Does anyone remember the age of traffic? It was a time when traffic jams made the headlines, when Facebook was a firmament of posts by people stuck in their cars, and when hardly a conversation took place that the dreaded word was not mentioned.

Then there were the two-minute hate sessions. Transport Minister Joe Mizzi was the standard fixture, relieved on occasion by one of his consultants who had dared say traffic was a matter of perception. The hapless Audrey Testaferrata de Noto (for it was she) was charged with blasphemy of the highest order and disservice to the Republic of Autopia.

I hate to take readers back to the days when our dreams were haunted by images of trains, flyovers, underground honeycombs, perched monorails, bicycles, and scooters. It is a largely unnecessary remembrance, too, because all of those things are also in the future.

That is because traffic, and the industry of print and spoken word it spawns, are rather like migrating skylarks. Every year, they make a punctual appearance in their numbers in the first week of October. By mid-November or so, they are mostly gone. A few linger on throughout the winter, to no great import.

Now the migration of skylarks is well understood. Ornithologists know exactly why the birds are so seasonal and predictable. No one wonders why there are no migrating skylarks in, say, January, because we know that by then the birds are safely installed in Africa.

The traffic matter is not so simple.

It is not easy to see why it hits us with such force in October, only to peter out after a few weeks. Broadly put, there are three possibilities.

The first is that the evils of traffic are, as a much-maligned someone said, mostly a matter of perception.

Also, as that someone tried to explain, that does not mean that traffic does not actually exist. It is just that the more we think (and talk, and write) about it, the longer and more terrible the waits seem. In this sense, the annual traffic crisis is a seasonal panic, nourished by stories of a million missed appointments.

Why the calendrical punctuality?

The real villain of the story is summer. Every year it gives us a glimpse of an uncongested paradise in which one can drive like there’s no tomorrow

It may be that the first week of October is the time when the commute to the daily drudgery hits people hardest. It is the time when the summer lull gives way to the grim prospect of having to work, rather than grill sausages on a beach, for a living.

By November, the years of conditioning by school bells, timetables, and ‘I love my job’ cupcakes, prevail.

The second possibility is closely related. Fatigue is a characteristic of all kinds of public debate.

The reason why the Facebook posts thin out and Mizzi can breathe again is that people simply get tired of talking about the same thing.
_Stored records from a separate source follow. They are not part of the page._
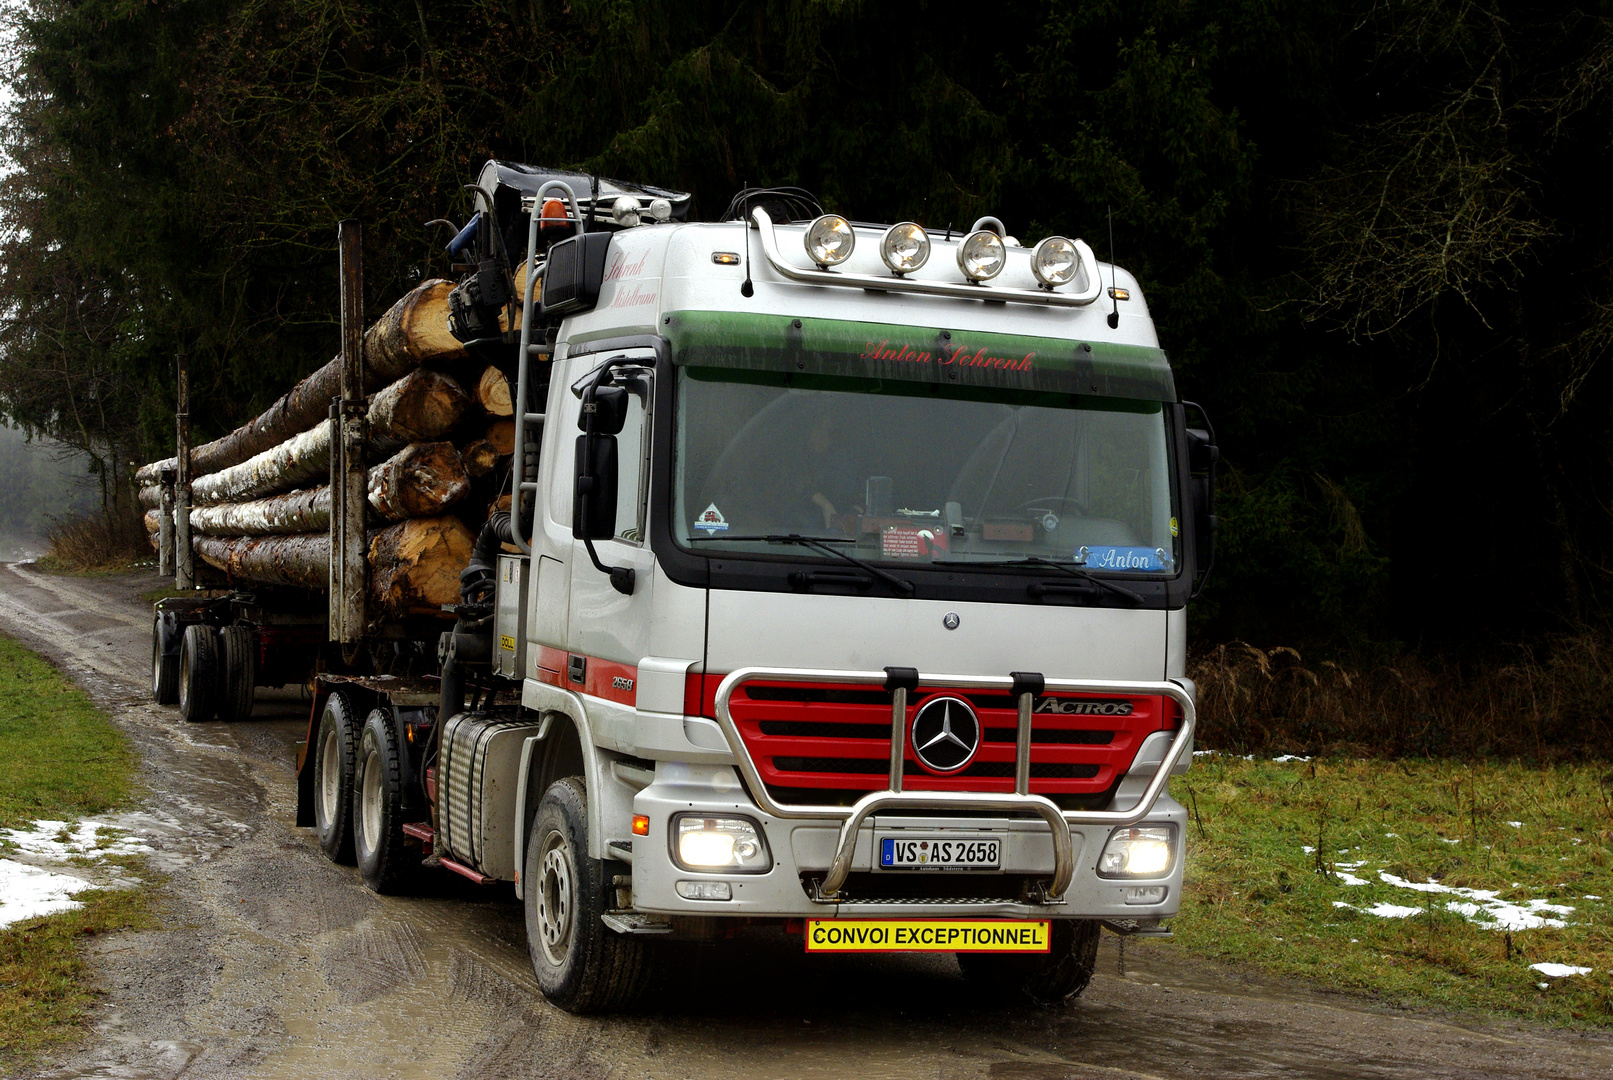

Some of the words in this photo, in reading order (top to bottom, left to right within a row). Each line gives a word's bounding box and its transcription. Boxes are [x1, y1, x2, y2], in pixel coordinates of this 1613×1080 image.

[604, 248, 652, 281] Schrenk
[860, 339, 932, 363] Anton
[938, 343, 1036, 372] Schrenk
[1098, 549, 1150, 569] Anton
[612, 676, 634, 691] 2658
[895, 842, 918, 863] VS
[930, 842, 953, 863] AS
[955, 842, 998, 863] 2658
[813, 927, 889, 944] CONVOI
[894, 928, 1043, 945] EXCEPTIONNEL
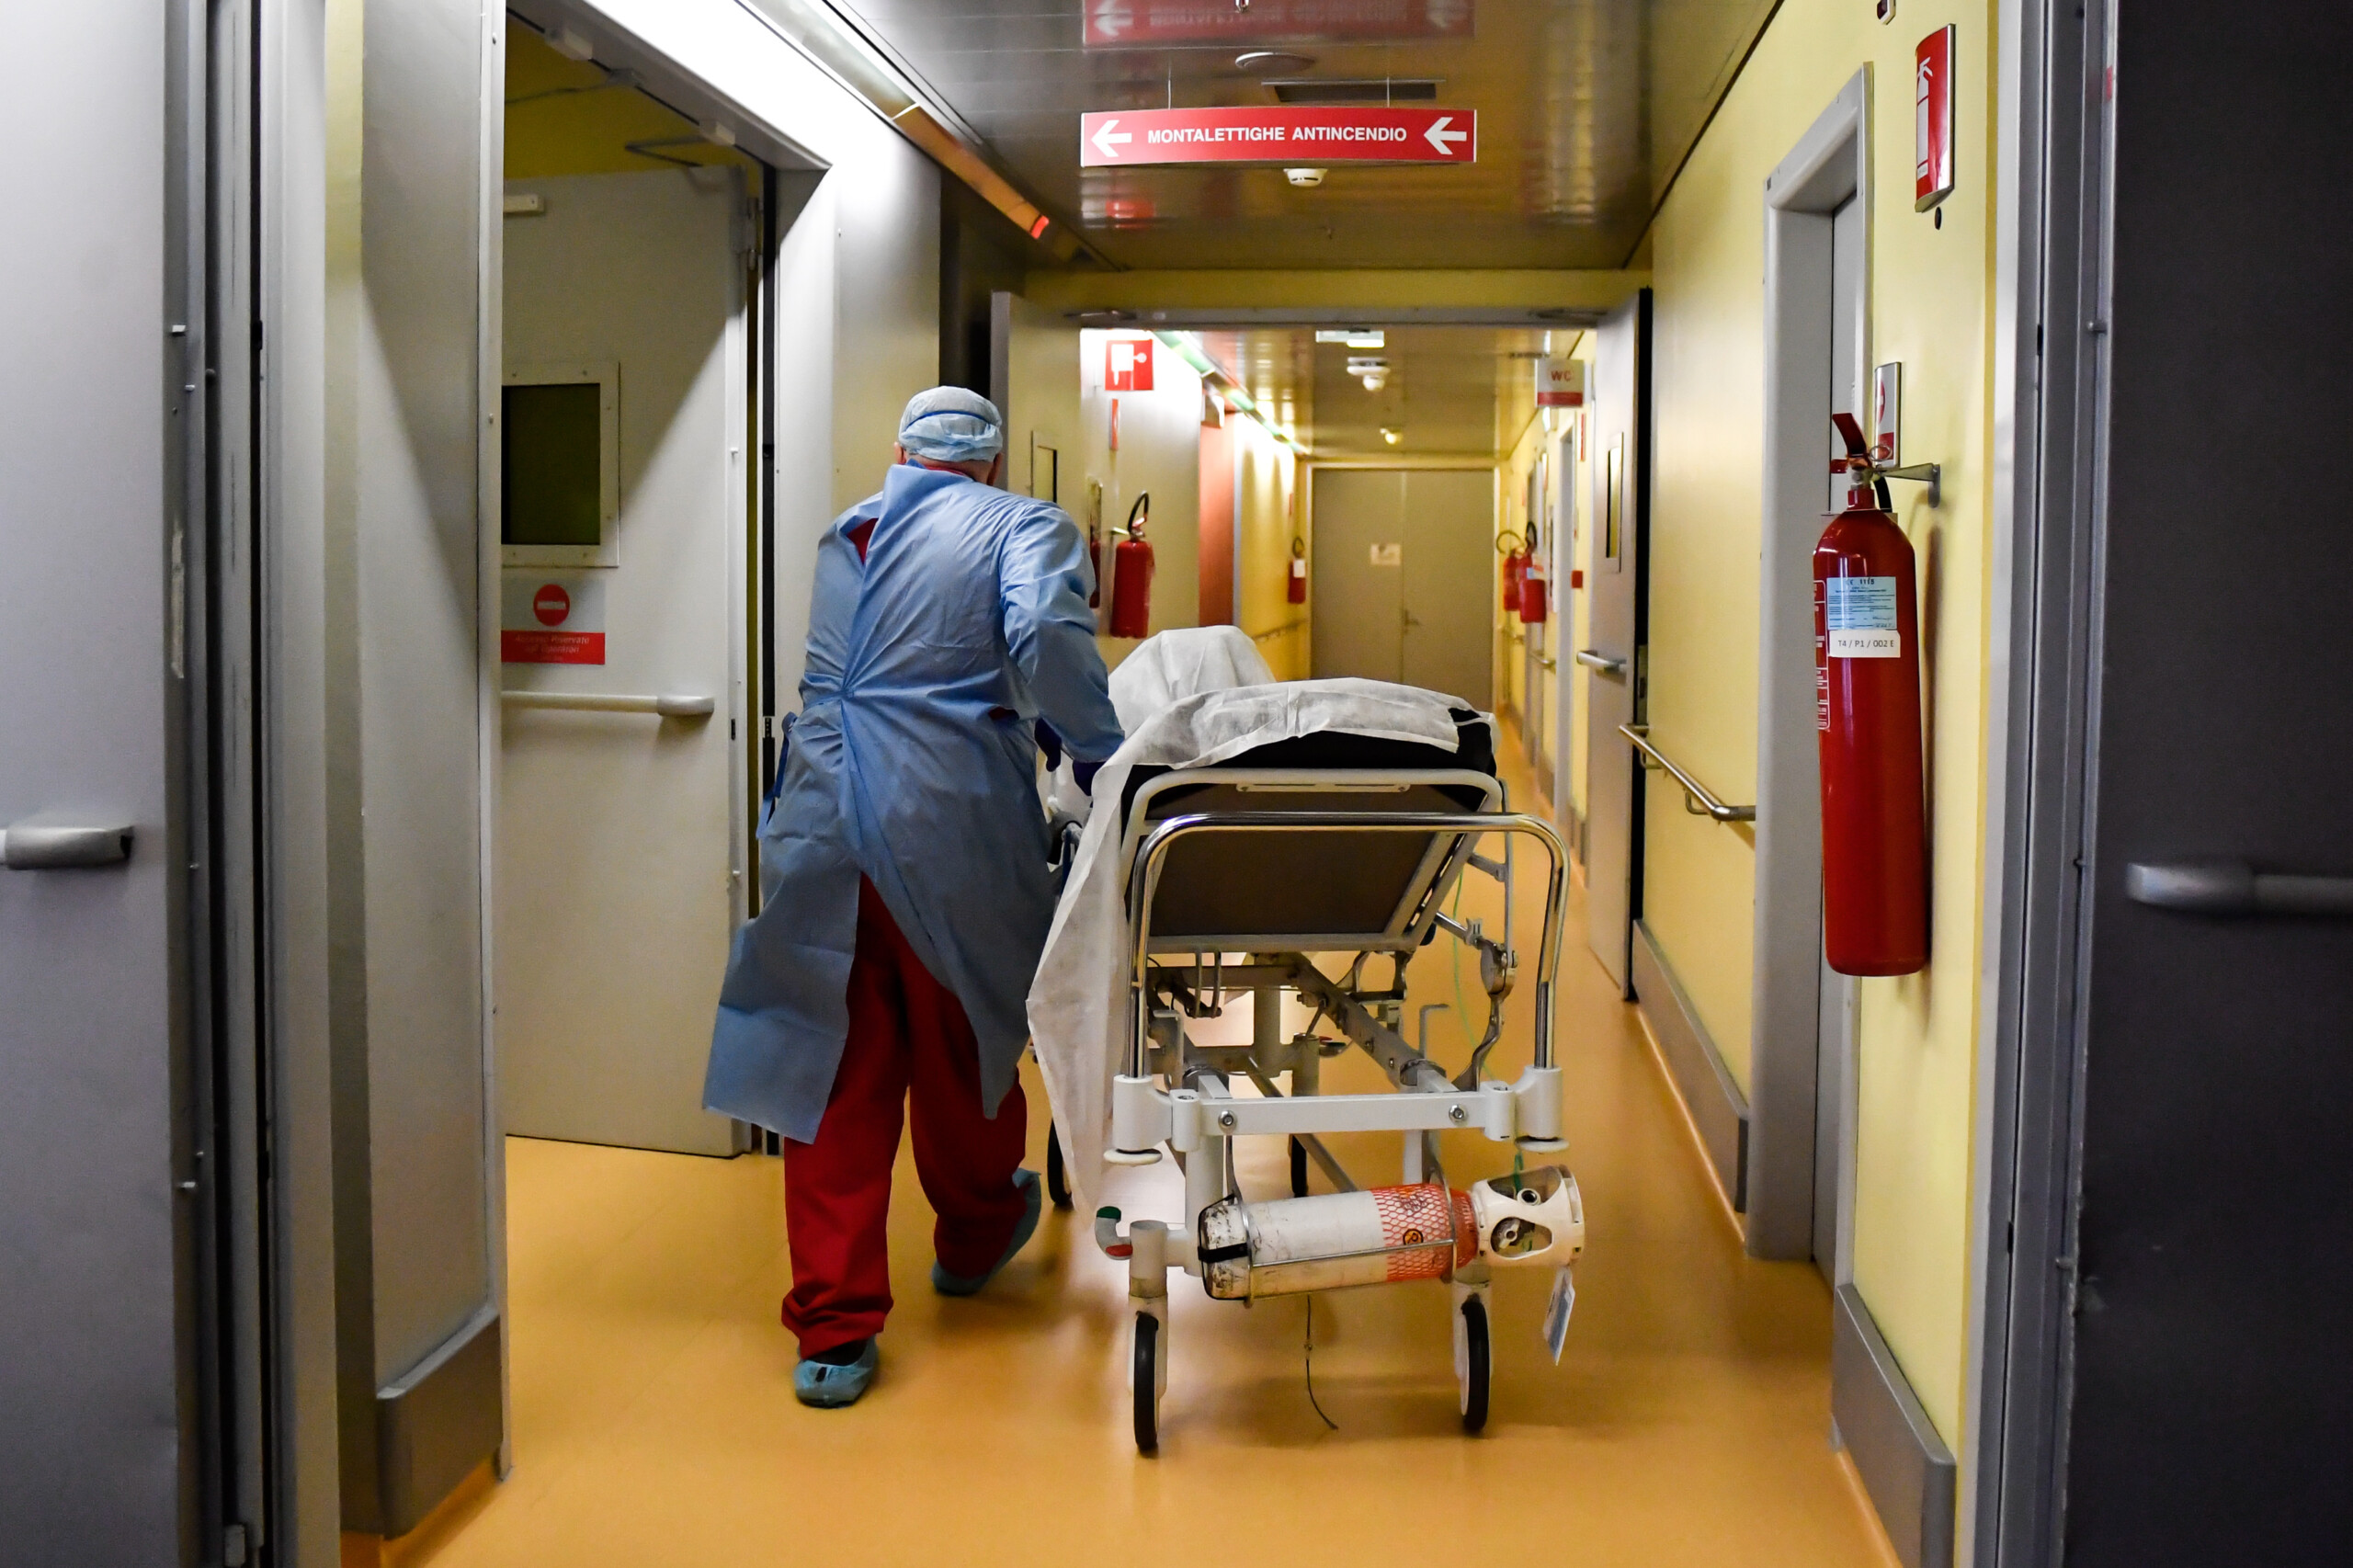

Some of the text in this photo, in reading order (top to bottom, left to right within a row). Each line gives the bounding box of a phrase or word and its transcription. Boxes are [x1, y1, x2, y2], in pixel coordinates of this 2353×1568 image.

This logic does not explain the annual rhythmic punctuality, and can probably be discounted as a false argument.

The third possibility is the most intriguing, for two reasons. First, because it calls into play a complicated set of routines. Second, because it holds much promise as a means to better understand, manage, and live with traffic.

The premise to this possibility is that it is factually the case that traffic is at its worst in October and early November. In other words, that it could empirically be shown that the chances of being held up for longer periods of time are greater during that period.

Now I can see why there should be more people, and cars, out and about in October than there are in August. School holidays end in September, factories and businesses gear up after the shutdowns, and so on. In sum, October is the time when the timetabled stuff really kicks off.

What I cannot see is how October is different from, say, January. There are no school holidays or shutdowns in January, and most people I know spend the month working hard, partly because there is not much to do outdoors, and also to pay off their Christmas credit card debts.

And yet, if the premise to the third possibility is right, there is less traffic. That can only mean one thing: it is not that we do less, but that we do things differently. Which would be a revelation, because it presents a solution to traffic that does not involve monorails and tunnels.

It is likely to be a complicated solution. I do not think there is a single, fundamental, thing that people do differently to get to work or drive their children to school in January, as opposed to October. They just seem to learn to read the traffic better and take alternative routes, to develop carpooling networks, and generally to time their commutes more efficiently.

This means that the solution to the traffic matter is not simply a case of more or better infrastructure, or less cars. There is that, to be sure, but there is also a more achievable side that has to do with learned practice and daily routines.

The real villain of the story is summer. Every year it gives us a glimpse of an uncongested paradise in which one can drive and drive like there’s no tomorrow, only a distant October.